Morí en mi noche de bodas.
El Tuerto, el hombre que mi madre me obligó a desposar, me golpeó hasta la muerte con un taburete de la barra de su taberna.
La sangre se mezcló con el vino barato derramado en el suelo de baldosas sucias.
Todo empezó con un par de zapatos de flamenco.
No unos zapatos cualquiera, sino los que gané en el concurso de baile más prestigioso de Sevilla, unos zapatos profesionales, hechos a mano, que costaban más de lo que mi familia ganaba en tres meses.
Mi hermano Javier los quería.
No para bailar, él odiaba el flamenco, lo consideraba algo de mujeres, algo frívolo.
Él soñaba con ser torero, un sueño grandioso que nunca se molestó en perseguir con entrenamiento real, solo con fanfarronadas en el barrio.
Observé cómo los sacaba a escondidas de mi armario, sus ojos brillando con una codicia extraña.
Un día, lo seguí.
Lo que vi en su habitación me revolvió el estómago.
No estaba practicando zapateado, estaba usando mis zapatos de tacón duro de una forma perversa y degradante, dañando el cuero y la estructura profesional.
Le confronté, preocupada por los zapatos, pero también por él.
"Javier, ¿qué haces? Vas a romperlos."
Su rostro se puso rojo de vergüenza y rabia.
En lugar de admitir su extraña fijación, corrió hacia nuestra madre, Carmen, con una mentira podrida en los labios.
"¡Mamá! ¡Sofía me ha deshonrado! ¡La vi con su compañero de baile, haciendo cosas vergonzosas!"
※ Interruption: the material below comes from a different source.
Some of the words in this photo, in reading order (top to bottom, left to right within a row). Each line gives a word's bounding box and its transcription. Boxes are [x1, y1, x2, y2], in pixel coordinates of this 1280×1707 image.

Carmen, que siempre había despreciado mi pasión por el baile y adoraba la idea de tener un hijo torero, no necesitó más.
Su palabra fue ley.
Para "salvar el honor de la familia", me sacó de la academia de baile, me arrastró de vuelta a nuestro pueblo polvoriento y me vendió en matrimonio a El Tuerto.
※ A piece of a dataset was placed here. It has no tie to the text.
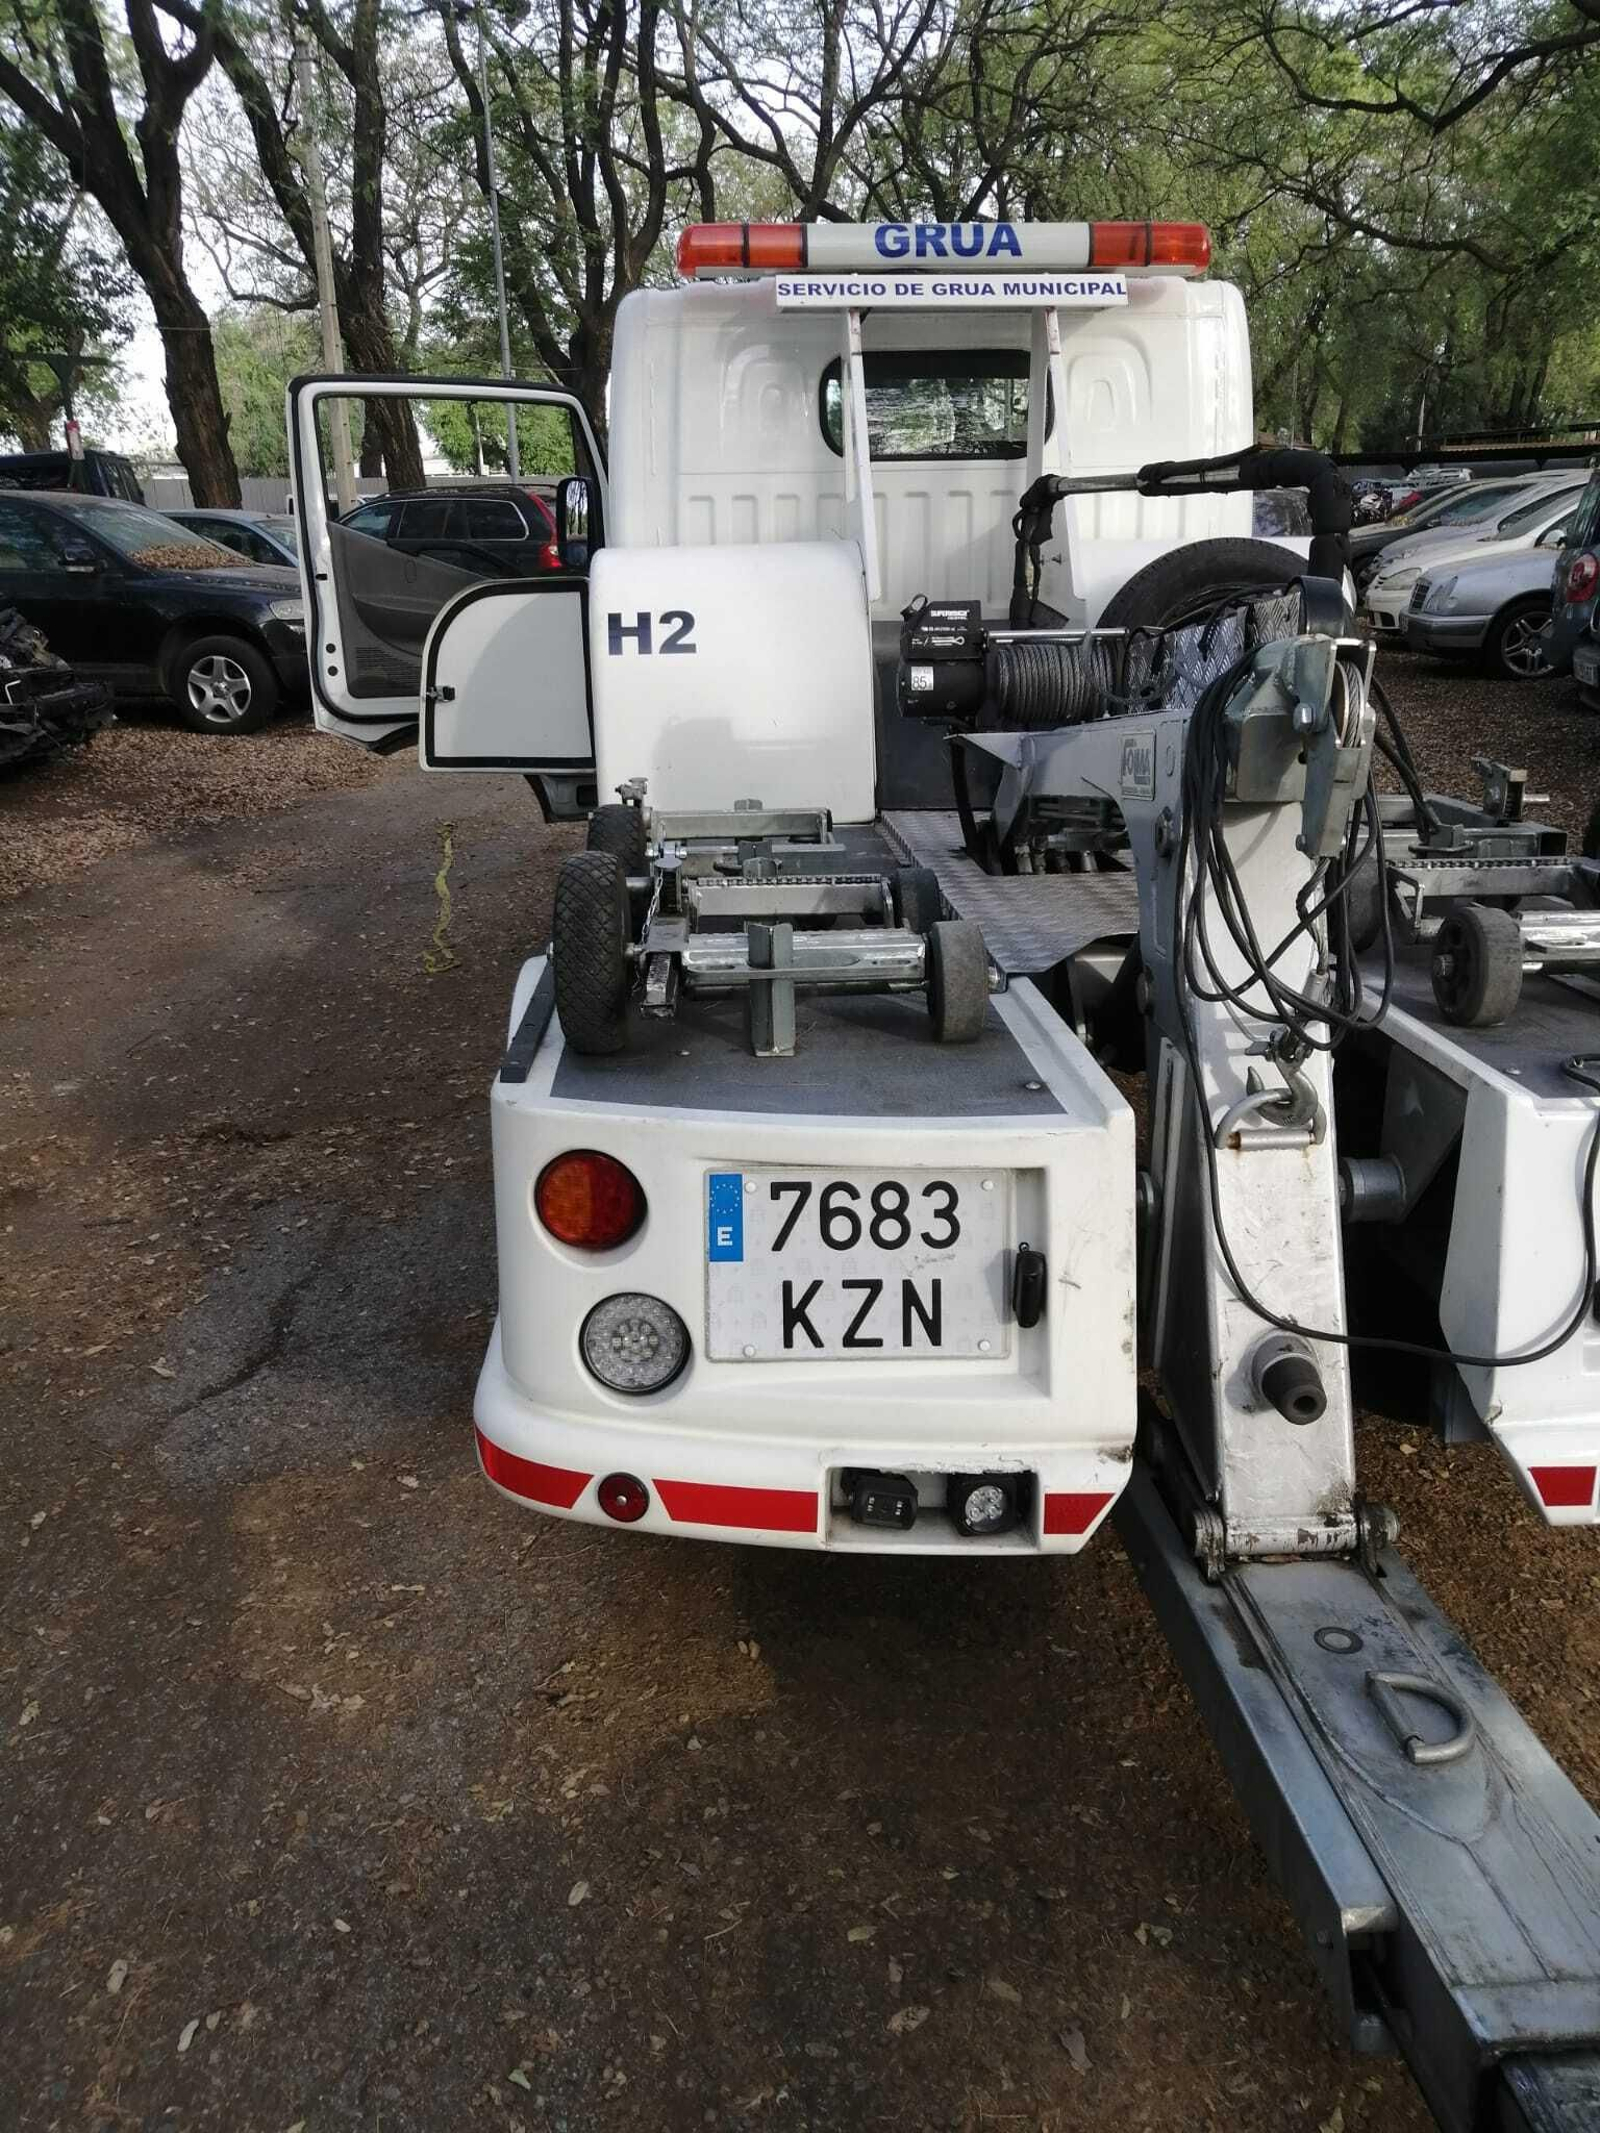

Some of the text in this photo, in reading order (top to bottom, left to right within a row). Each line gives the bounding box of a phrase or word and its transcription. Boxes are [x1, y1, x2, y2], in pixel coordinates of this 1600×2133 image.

El recuerdo del golpe final, el crujido de mis huesos, el sabor metálico en mi boca, era lo último que sentía.
Hasta que abrí los ojos.
El sol de la tarde entraba por la ventana de mi pequeña habitación en Sevilla, la misma luz, la misma hora.
Escuché pasos sigilosos fuera de mi puerta.
Era Javier.
Estaba a punto de robar mis zapatos de nuevo.
Esta vez, no hubo pánico, ni ira, ni miedo.
Solo una sonrisa fría y calculadora se dibujó en mis labios.
He vuelto.
Y esta vez, la historia la escribiré yo.